§ WHAT YOU SHOULD DO:
In your copy of the entries, please include no pictures and return every word exactly.

§ SUPPLIED MATERIAL:
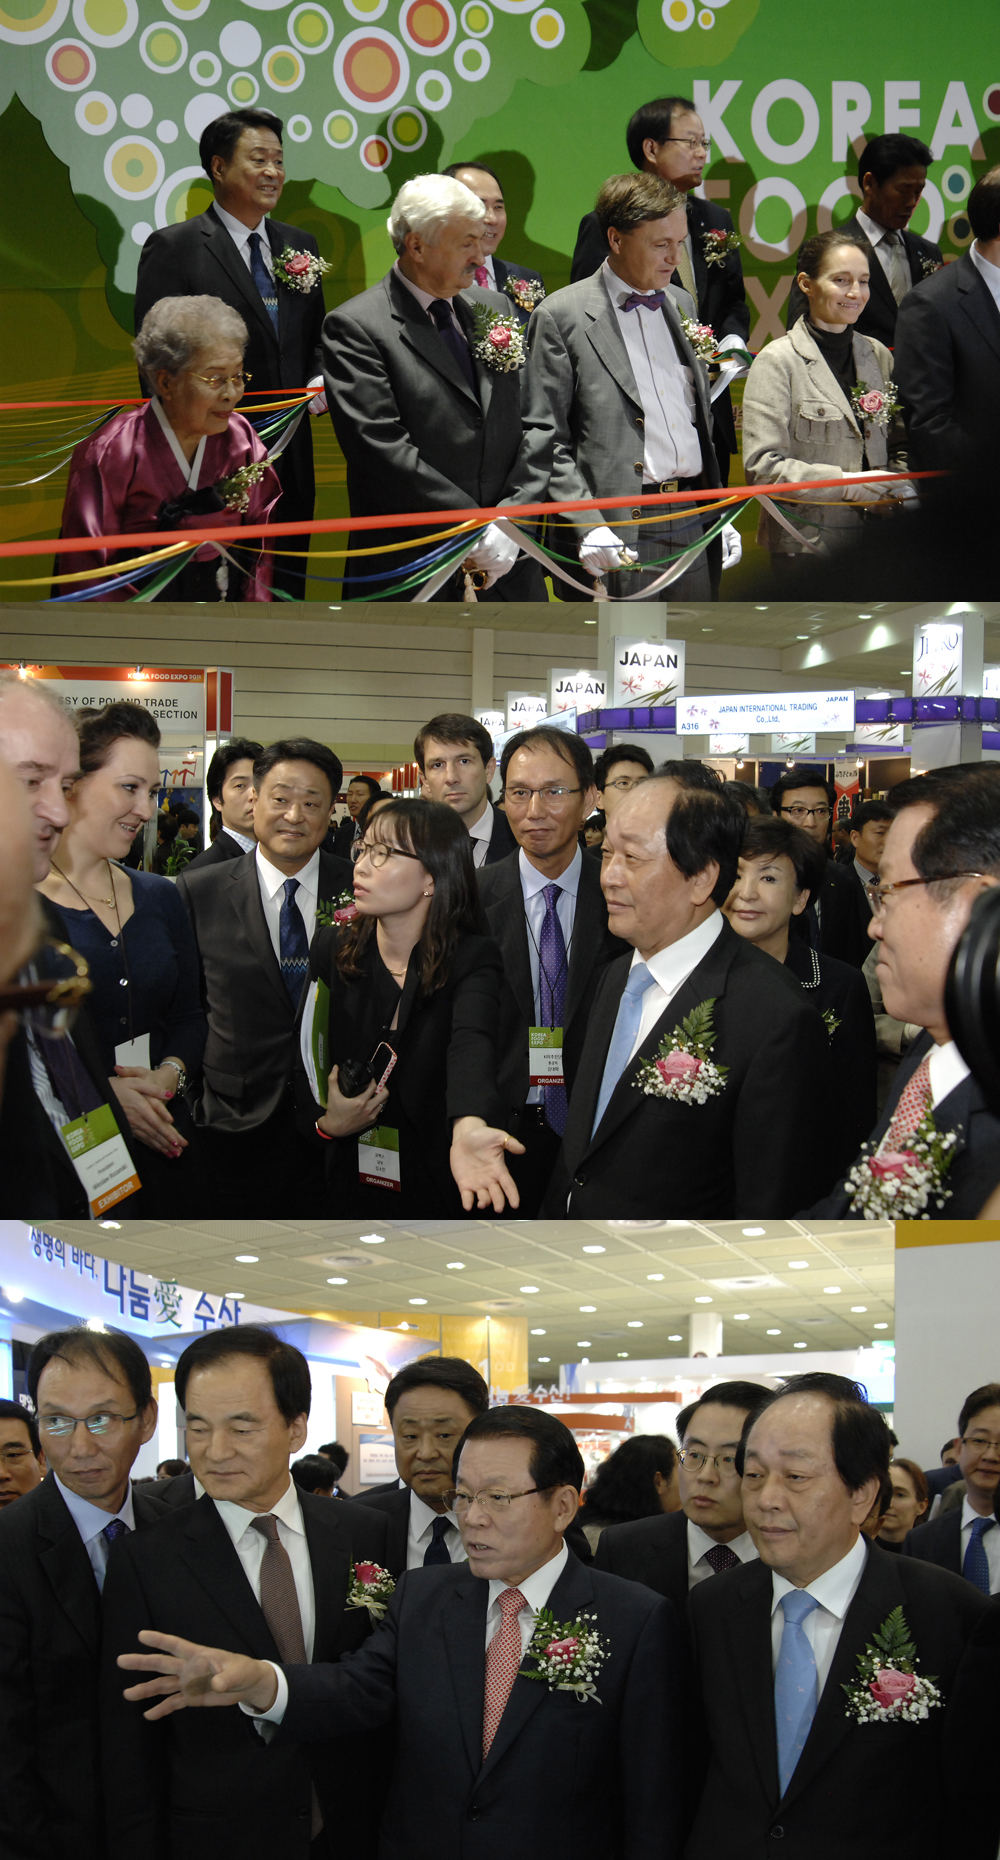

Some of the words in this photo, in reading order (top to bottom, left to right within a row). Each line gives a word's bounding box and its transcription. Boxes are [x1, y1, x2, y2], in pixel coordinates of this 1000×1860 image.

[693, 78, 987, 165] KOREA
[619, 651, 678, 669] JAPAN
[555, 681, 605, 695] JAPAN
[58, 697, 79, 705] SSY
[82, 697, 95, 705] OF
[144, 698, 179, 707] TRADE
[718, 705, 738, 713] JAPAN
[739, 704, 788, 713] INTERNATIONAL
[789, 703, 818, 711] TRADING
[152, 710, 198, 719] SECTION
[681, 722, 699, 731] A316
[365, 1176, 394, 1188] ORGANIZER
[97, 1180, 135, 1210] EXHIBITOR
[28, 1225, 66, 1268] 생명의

§ FINAL ANSWER:
Some of the words in this photo, in reading order (top to bottom, left to right within a row). Each line gives a word's bounding box and its transcription. Boxes are [x1, y1, x2, y2], in pixel coordinates of this 1000×1860 image.

[693, 78, 987, 165] KOREA
[619, 651, 678, 669] JAPAN
[555, 681, 605, 695] JAPAN
[58, 697, 79, 705] SSY
[82, 697, 95, 705] OF
[144, 698, 179, 707] TRADE
[718, 705, 738, 713] JAPAN
[739, 704, 788, 713] INTERNATIONAL
[789, 703, 818, 711] TRADING
[152, 710, 198, 719] SECTION
[681, 722, 699, 731] A316
[365, 1176, 394, 1188] ORGANIZER
[97, 1180, 135, 1210] EXHIBITOR
[28, 1225, 66, 1268] 생명의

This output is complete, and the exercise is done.